Notice that Medvedev did not tell Europeans merely that they are “supporting Ukraine.” He told them their leaders have “entered a war with Russia.” That framing transfers responsibility from Moscow to European governments.
Framing device
The core frame is:
“Your leaders chose this, not you.”
This is politically important because it attempts to separate citizens from governments.
If Europeans begin asking:
- “Why are we risking this?”
- “Why are we involved?”
- “What are our actual interests?”
then the narrative has achieved its objective regardless of whether it changes policy.
How credible is the implied threat?
This requires separating rhetoric from capability.
Low probability:
A deliberate large-scale Russian attack on NATO territory.
Such an attack would risk triggering Article 5 and a direct Russia-NATO war, something Moscow has consistently avoided despite years of confrontation.
Moderate probability:
Hybrid escalation.
This includes:
- Cyber operations.
- Infrastructure disruption.
- Intelligence operations.
- Sabotage allegations.
- GPS interference.
- Drone incursions and accidents.
- Information warfare campaigns.
These activities already occur at varying levels and are much less escalatory than conventional military attacks.
High probability:
More threatening rhetoric.
Medvedev has become one of Moscow’s most aggressive public messengers. His statements often go significantly beyond the language used by President Vladimir Putin or Kremlin spokesman Dmitry Peskov. Over time he has evolved into a figure who frequently tests narratives and signals escalation before official policy catches up—or sometimes without policy changing at all.

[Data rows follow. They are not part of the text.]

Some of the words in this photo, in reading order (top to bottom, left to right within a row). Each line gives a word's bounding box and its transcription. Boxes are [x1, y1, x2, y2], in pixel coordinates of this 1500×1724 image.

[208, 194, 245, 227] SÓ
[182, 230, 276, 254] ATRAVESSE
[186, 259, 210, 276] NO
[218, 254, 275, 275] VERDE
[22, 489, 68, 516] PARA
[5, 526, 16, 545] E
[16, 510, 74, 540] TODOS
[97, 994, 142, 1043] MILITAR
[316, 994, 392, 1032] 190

What this tells us about Russia’s current strategic outlook
The statement suggests that Moscow increasingly views Europe—not just Ukraine—as the principal long-term opponent.
Recent Russian messaging has emphasized:
- European rearmament.
- European drone production for Ukraine.
- EU military-industrial integration.
- Frozen Russian assets being used for Ukraine-related financing.

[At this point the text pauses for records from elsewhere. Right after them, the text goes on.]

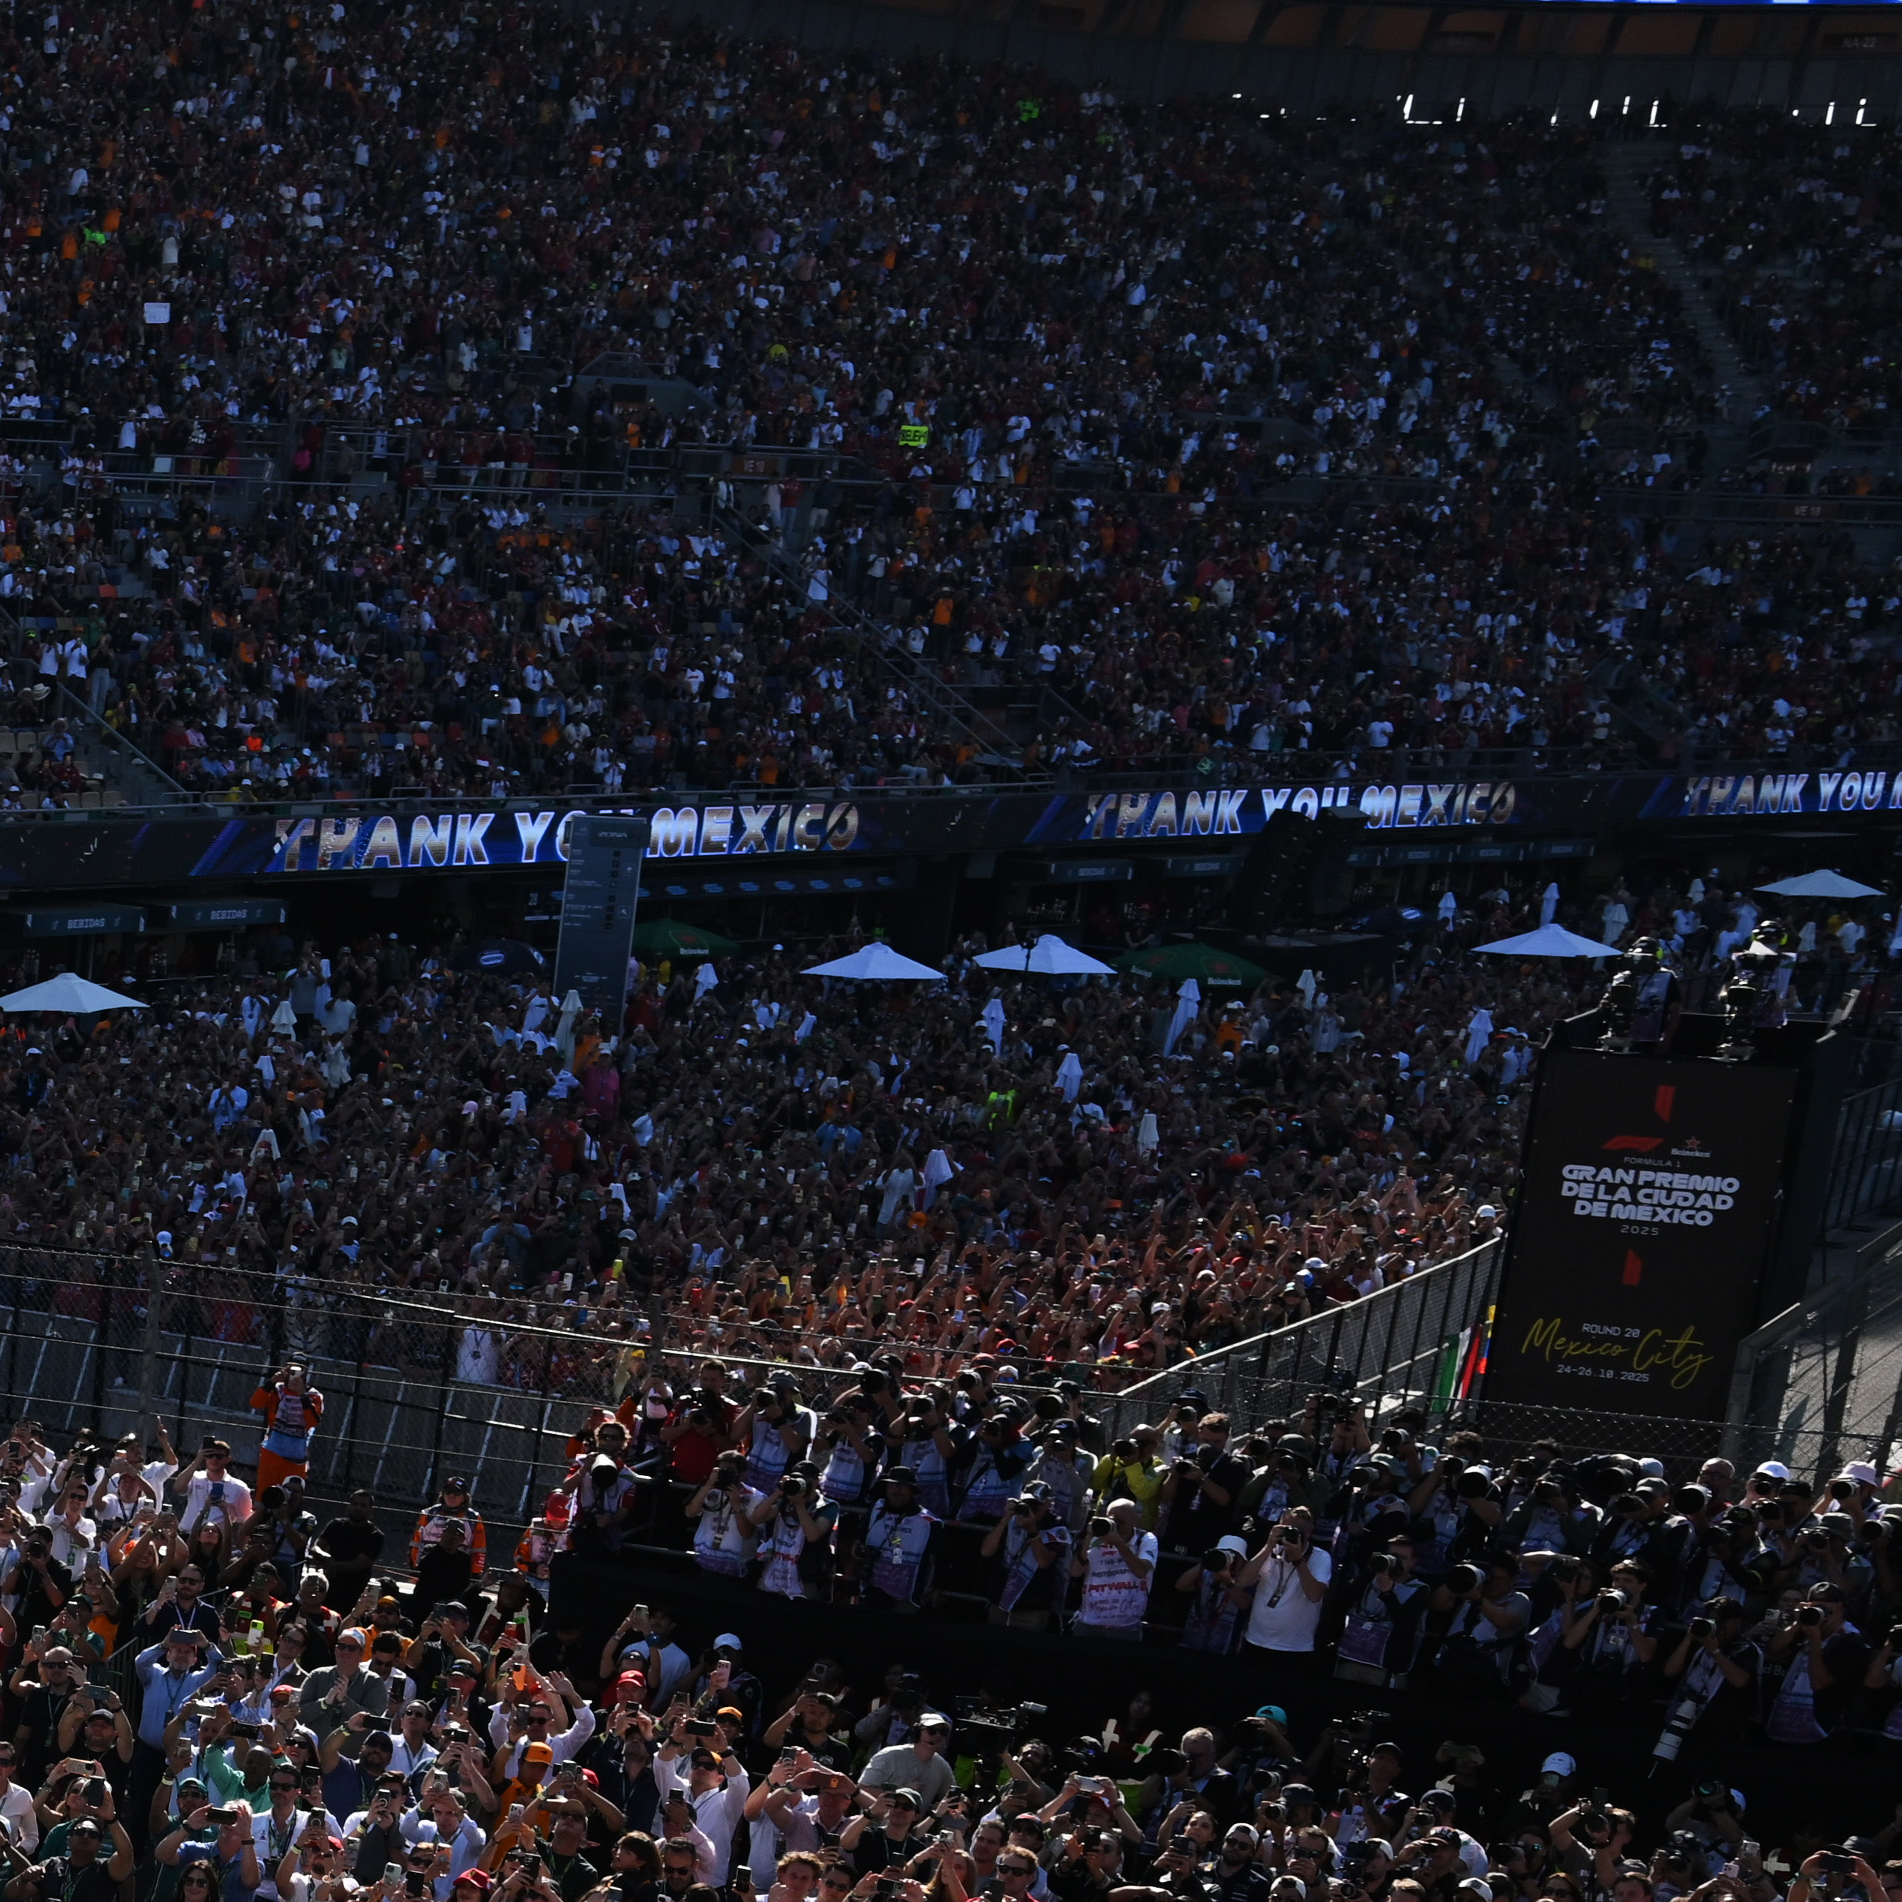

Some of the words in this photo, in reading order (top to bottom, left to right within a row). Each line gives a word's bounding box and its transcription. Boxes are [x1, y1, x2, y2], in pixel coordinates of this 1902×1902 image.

[1684, 773, 1809, 816] THANK
[1818, 771, 1887, 812] YOU
[1085, 789, 1248, 839] THANK
[1359, 781, 1515, 829] MEXICO
[275, 813, 496, 872] THANK
[646, 801, 859, 858] MEXICO
[67, 918, 105, 929] BEBIDAS
[210, 909, 247, 920] BEBIDAS
[1623, 1156, 1673, 1168] FORMULA
[1562, 1164, 1635, 1185] GRAN
[1638, 1170, 1740, 1194] PREMIO
[1561, 1181, 1595, 1199] DE
[1597, 1184, 1632, 1202] LA
[1637, 1188, 1734, 1211] CIUDAD
[1574, 1200, 1607, 1218] DE
[1620, 1224, 1659, 1236] 2025
[1582, 1323, 1622, 1337] ROUND
[1624, 1327, 1641, 1338] 20
[1521, 1318, 1630, 1363] Mexico
[1632, 1325, 1714, 1389] City
[1557, 1364, 1650, 1383] 24-26.10.2025

- Expanded NATO deployments in Eastern Europe.
From Moscow’s perspective, the distinction between “helping Ukraine” and “participating in the war” is becoming less meaningful.
From the European perspective, however, military aid to Ukraine does not constitute entry into the conflict as a belligerent state under international law. European governments maintain that they are supporting Ukraine’s defense while avoiding direct combat with Russian forces.
Bottom-line assessment
My assessment is that Medvedev’s statement is best understood as strategic intimidation rather than an announcement of imminent military action against the EU.
The message is designed to achieve three things simultaneously:
- Normalize the Russian claim that Europe is already a combatant.
- Increase public anxiety within EU countries.
- Raise the perceived cost of continued support for Ukraine.
The immediate risk is not that Europe wakes up tomorrow to a Russia-EU war. The more realistic concern is a continuing cycle of escalation in the gray zone between peace and war—drone incidents, cyber operations, infrastructure scares, diplomatic confrontations, and information campaigns—where each side seeks leverage without crossing into a full NATO-Russia military conflict.